Cependant l’un des astronomes fit remarquer fort judicieusement qu’il serait sage, avec les procédés très perfectionnés que l’on possède, d’agrandir considérablement les épreuves. On s’y mit dare-dare, et bientôt on se trouva en face de nouvelles et immenses épreuves sur lesquelles on voyait très distinctement une demi-douzaine au moins de petits insectes.

Nouveau prodige ; on courut chercher les entomologistes de l’université, l’un déclara que ce devait être des moustiques, ce qui tendrait à démontrer qu’Éros possède une atmosphère, mais comme l’un paraissait sauter plutôt que voler, il les appela en latin : les moustiques sauteurs d’Éros.
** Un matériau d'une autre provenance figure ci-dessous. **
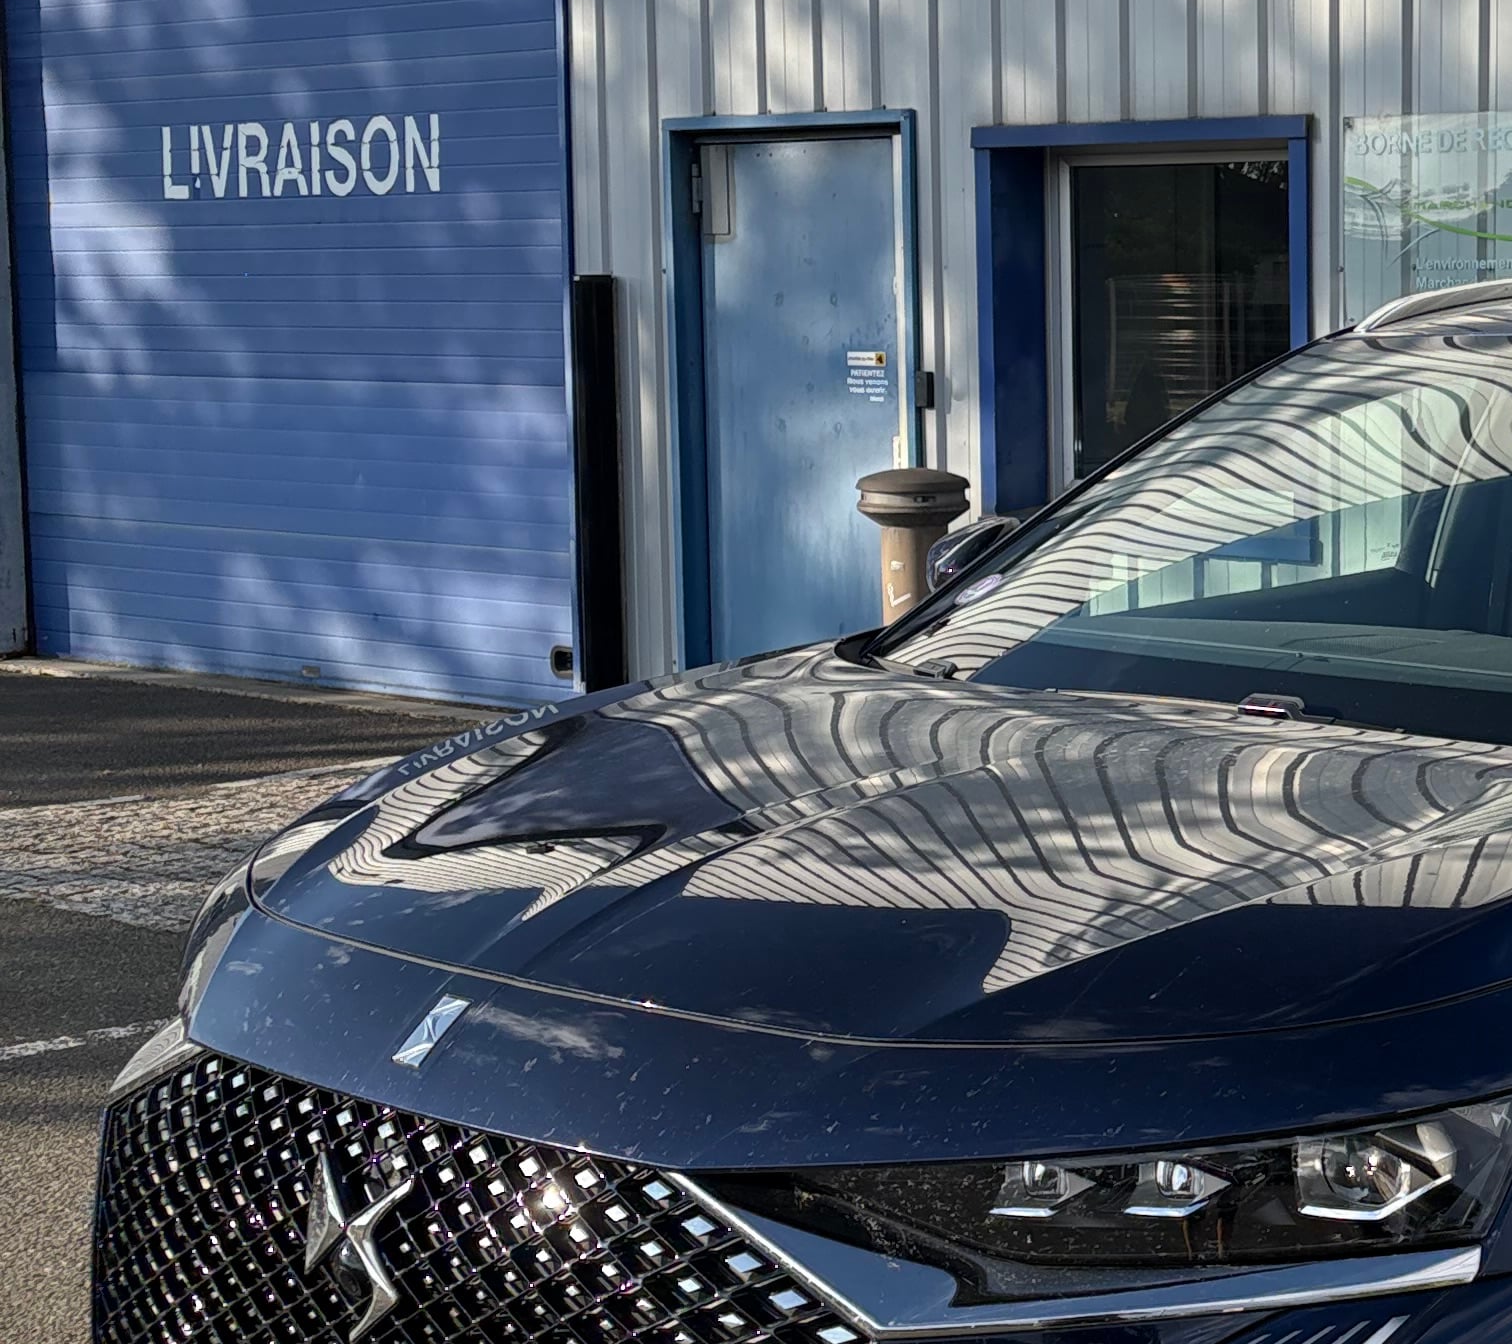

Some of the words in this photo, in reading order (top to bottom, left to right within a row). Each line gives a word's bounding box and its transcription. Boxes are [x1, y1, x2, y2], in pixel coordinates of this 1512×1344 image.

Un autre savant en voulant déterminer leur sexe, y perdit la vue.

Enfin comme la chose faisait un bruit énorme dans tout le monde savant des deux Amériques, un vieux professeur de physique, très sceptique et qui ne croyait qu’à la méthode expérimentale, se livra secrètement à une enquête minutieuse et ne tarda pas à démontrer péremptoirement qu’un jeune chat le soir même de la première opération s’était glissé dans le photo-héliographe à la poursuite d’une souris et que c’étaient eux que l’on avait pris tout bonnement pour des habitants d’Éros, cousins éloignés des mastodontes et des mammmonths.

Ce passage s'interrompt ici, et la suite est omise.